Sementara itu keluarga korban, Syahar Banu dan Maria Katarina Sumarsih, berharap agar pemerintah menuntaskan seluruh kasus pelanggaran HAM di masa lalu.
Sumarsih yang merupakan ibu dari Bernardinus Realino Norma Irmawan alias Wawan, korban penembakan saat Tragedi Semanggi I pada 11-13 November 1998, mengingatkan Jokowi untuk tetap memegang teguh komitmen yang pernah dijanjikan sebelumnya.
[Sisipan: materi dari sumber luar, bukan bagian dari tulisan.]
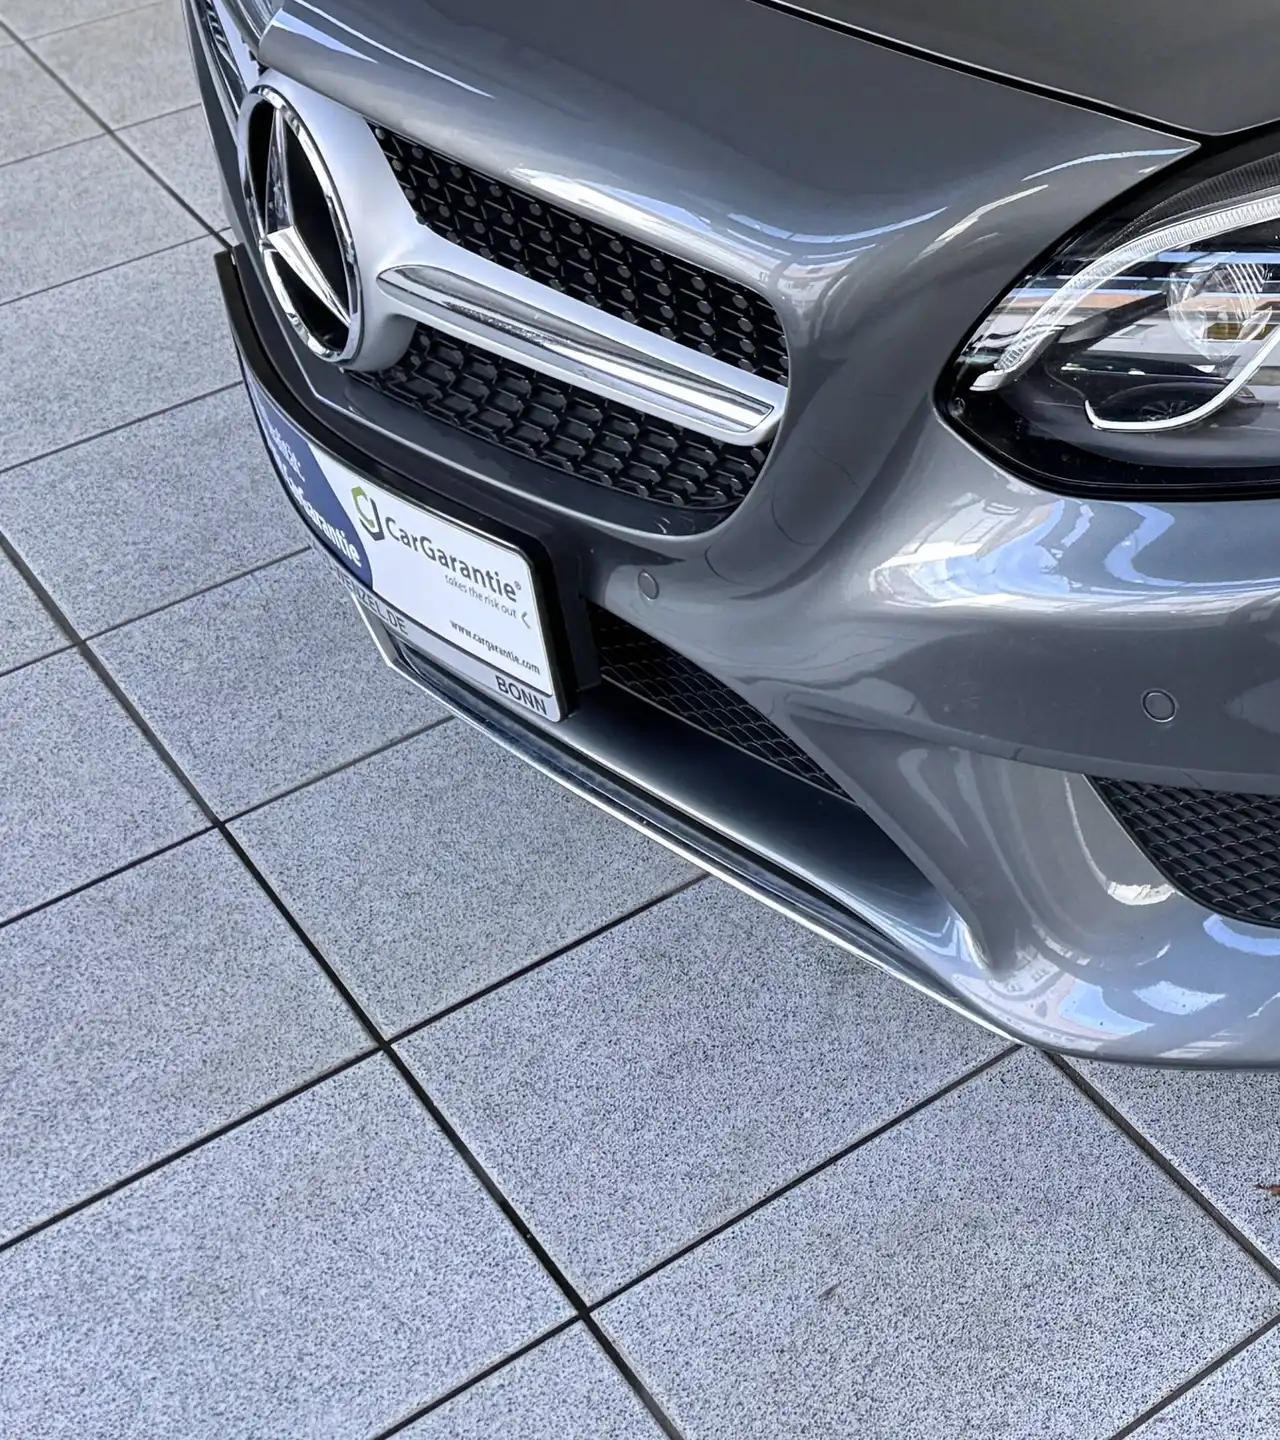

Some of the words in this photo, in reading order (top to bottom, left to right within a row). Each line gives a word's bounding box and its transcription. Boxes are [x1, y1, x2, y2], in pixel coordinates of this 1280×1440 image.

[444, 574, 468, 594] takes
[469, 587, 483, 602] the
[484, 595, 500, 611] risk
[500, 604, 517, 619] out
[449, 620, 541, 675] www.cargarantie.com
[495, 675, 548, 715] BONN
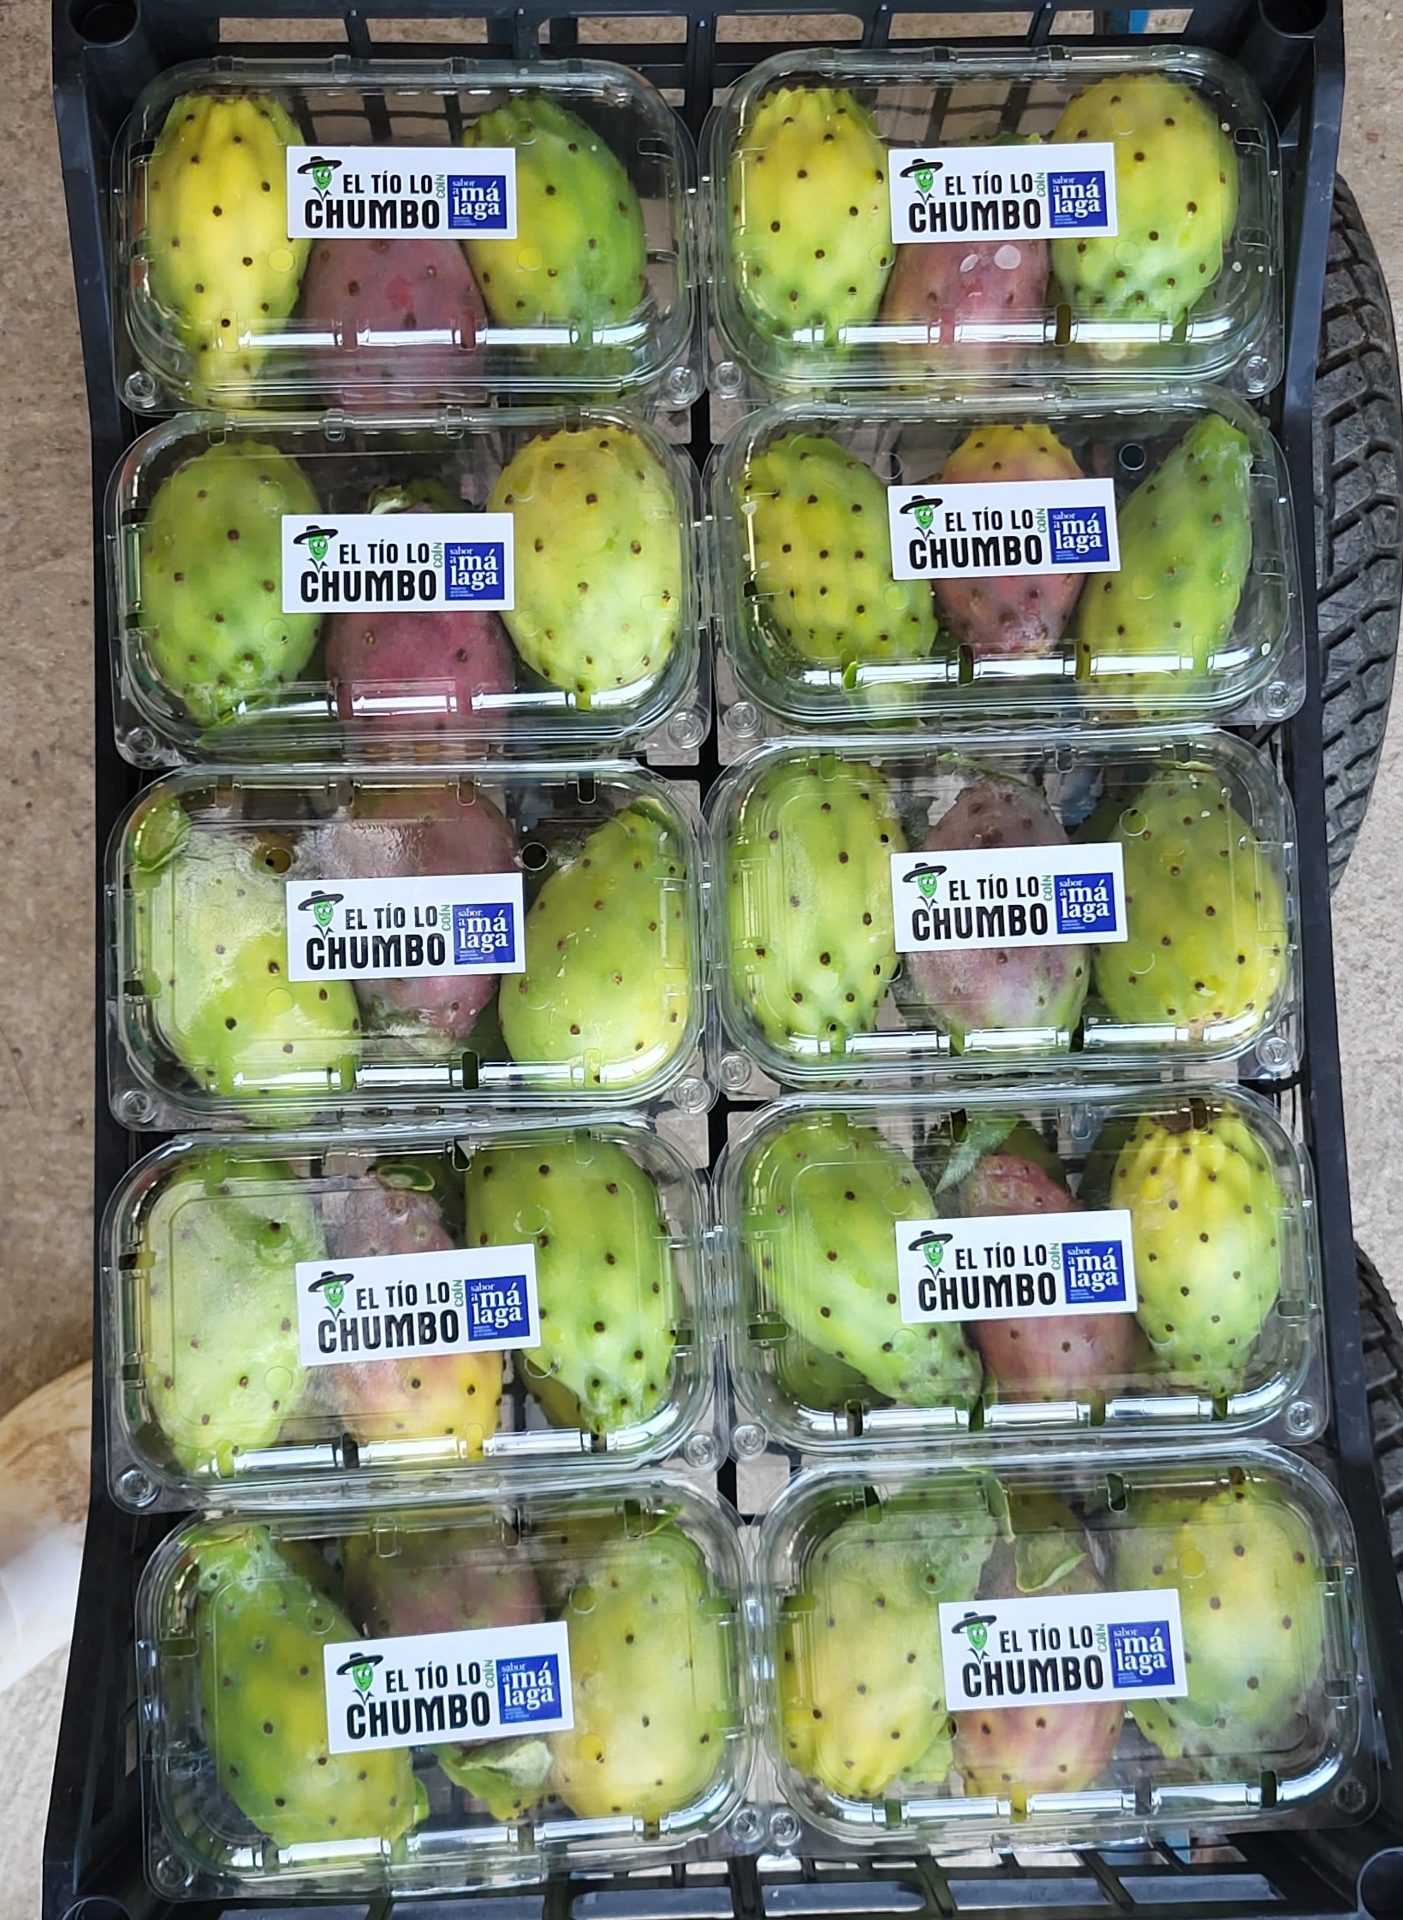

"Harapan saya, Indonesia jangan dijadikan negara impunitas (kondisi di mana segelintir pihak yang melakukan kejahatan tidak bisa dipidana). Hendaknya Bapak Presiden Joko Widodo berkomitmen pada sumpah beliau untuk patuh kepada UUD 1945 yang mana Indonesia adalah negara hukum,” kata Sumarsih di Kantor Komnas HAM, Jakarta.
Di dalam dokumen visi misi Nawa Cita pada periode pertama pemerintahannya, Jokowi berjanji akan menyelesaikan delapan kasus pelanggaran HAM secara berkeadilan. Kasus itu meliputi kerusuhan Mei 1998, Kasus Trisaksi, Semanggi I, Semanggi II, kasus penghilangan paksa, kasus Talangsari, Tanjung Priok, dan Tragedi 1965.
Sementara Syahar, keluarga korban peristiwa Tanjung Priok, berharap, agar pelaku dan aktor intelektual di balik peristiwa itu dapat terungkap. Meski proses hukum atas peristiwa ini ada, namun ia menilai, masih ada hal yang mengganjal di dalam proses penyelesaiannya.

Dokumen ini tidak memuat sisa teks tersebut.